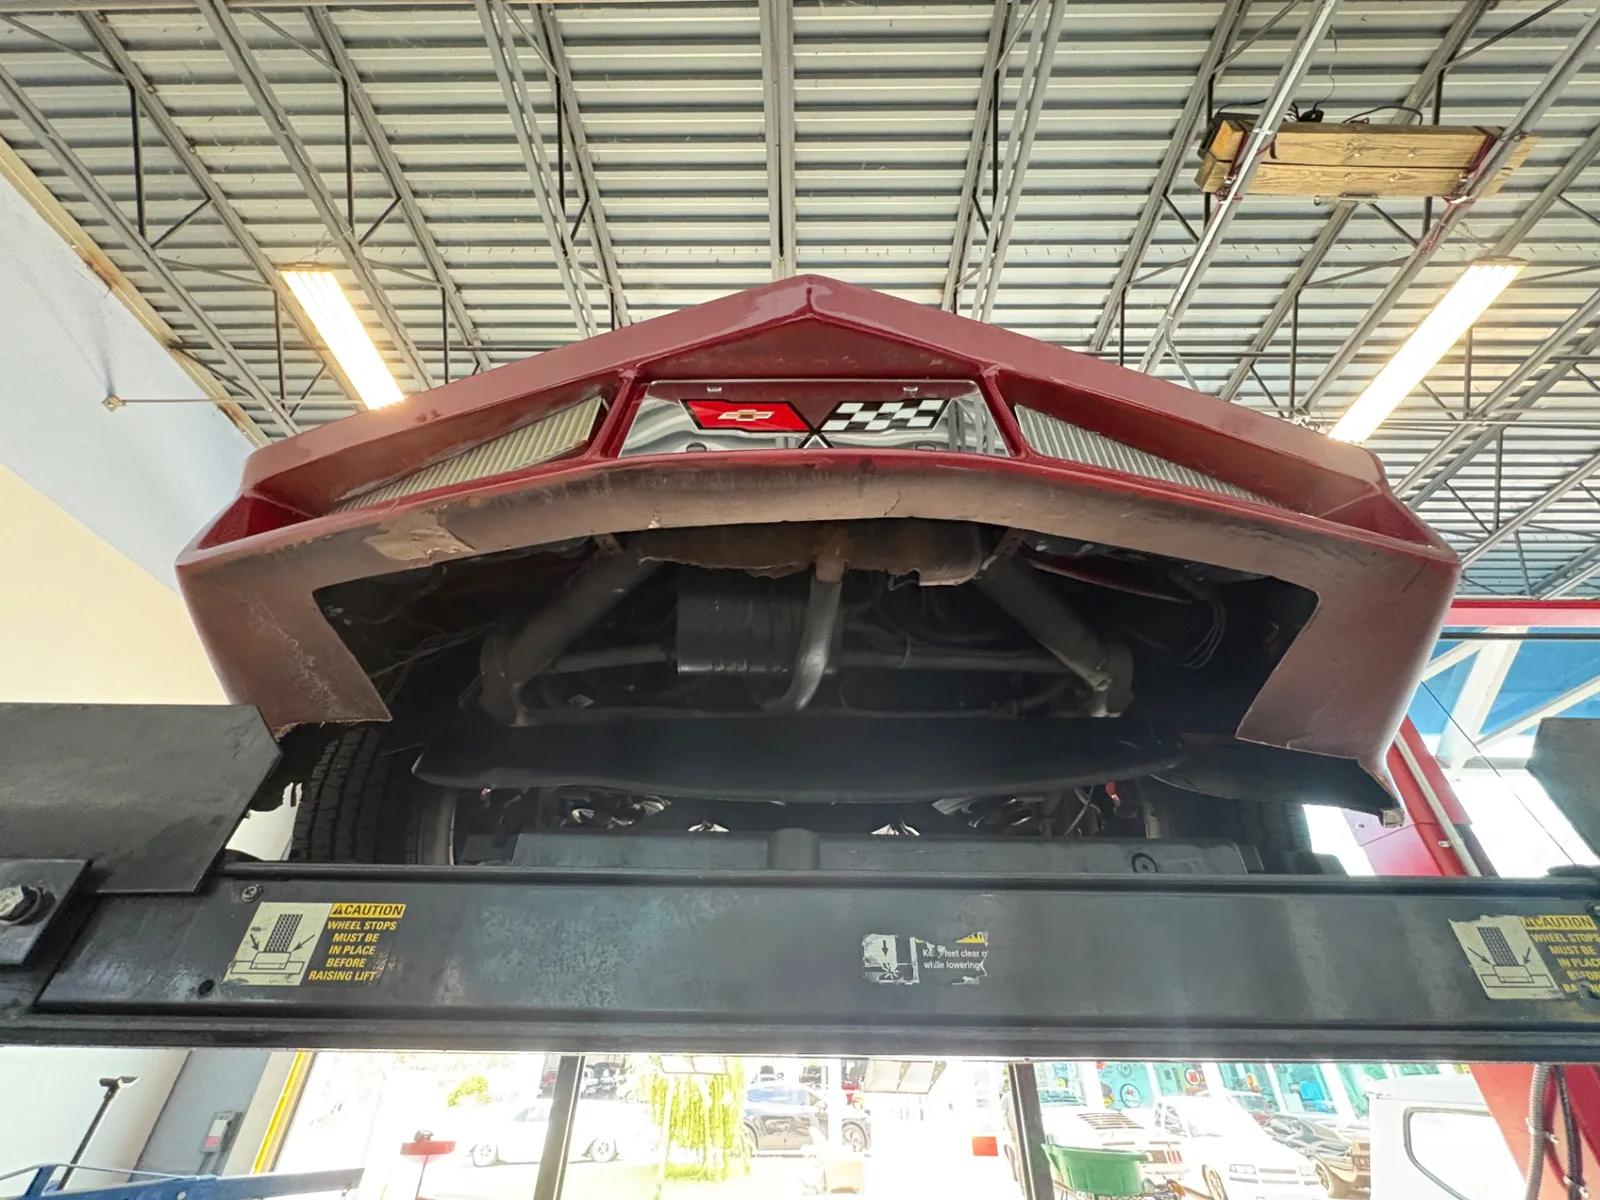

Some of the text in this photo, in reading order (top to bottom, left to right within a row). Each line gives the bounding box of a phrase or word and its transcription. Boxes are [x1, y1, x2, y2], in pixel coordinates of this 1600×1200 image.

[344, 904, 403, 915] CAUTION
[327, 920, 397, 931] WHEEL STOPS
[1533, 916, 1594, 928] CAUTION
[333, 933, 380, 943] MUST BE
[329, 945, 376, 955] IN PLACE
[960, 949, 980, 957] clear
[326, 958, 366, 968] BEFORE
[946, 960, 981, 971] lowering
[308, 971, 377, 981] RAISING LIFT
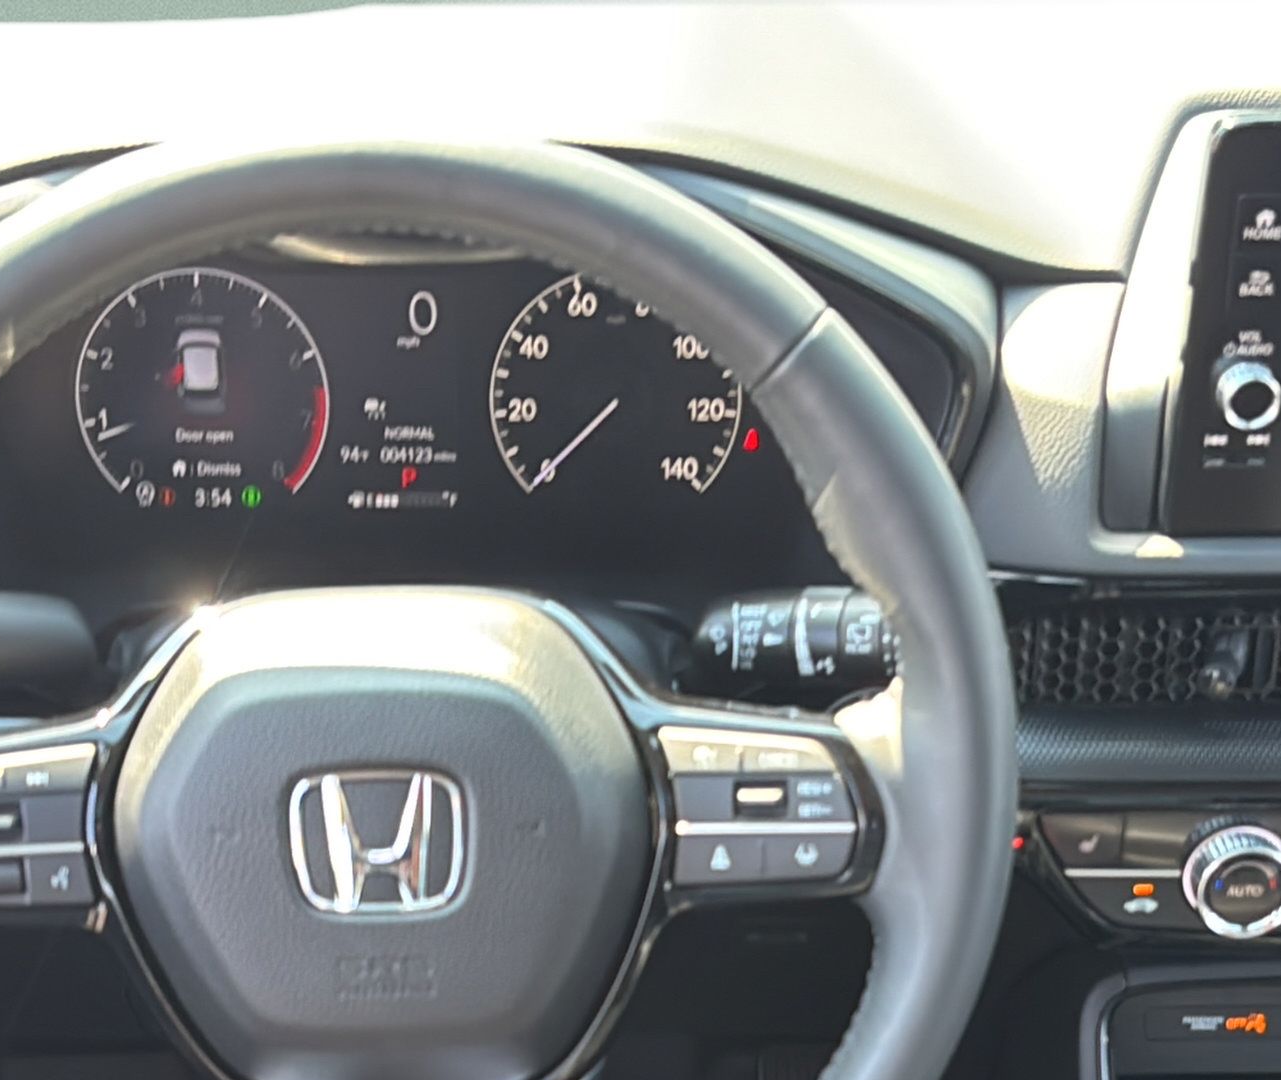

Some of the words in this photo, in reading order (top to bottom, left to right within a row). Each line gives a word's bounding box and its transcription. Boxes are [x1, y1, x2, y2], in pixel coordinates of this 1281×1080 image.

- - - - - - -

Output every record exactly, minus the pictures.

COMPLETED TASK »
Some of the text in this photo, in reading order (top to bottom, left to right within a row). Each line gives the bounding box of a phrase or word and its transcription. Boxes are [x1, y1, x2, y2], in pixel coordinates of this 1600×1200 image.

[344, 904, 403, 915] CAUTION
[327, 920, 397, 931] WHEEL STOPS
[1533, 916, 1594, 928] CAUTION
[333, 933, 380, 943] MUST BE
[329, 945, 376, 955] IN PLACE
[960, 949, 980, 957] clear
[326, 958, 366, 968] BEFORE
[946, 960, 981, 971] lowering
[308, 971, 377, 981] RAISING LIFT

Some of the words in this photo, in reading order (top to bottom, left to right within a row). Each line gives a word's bounding box and its transcription. Boxes are [x1, y1, x2, y2], in pixel coordinates of this 1281×1080 image.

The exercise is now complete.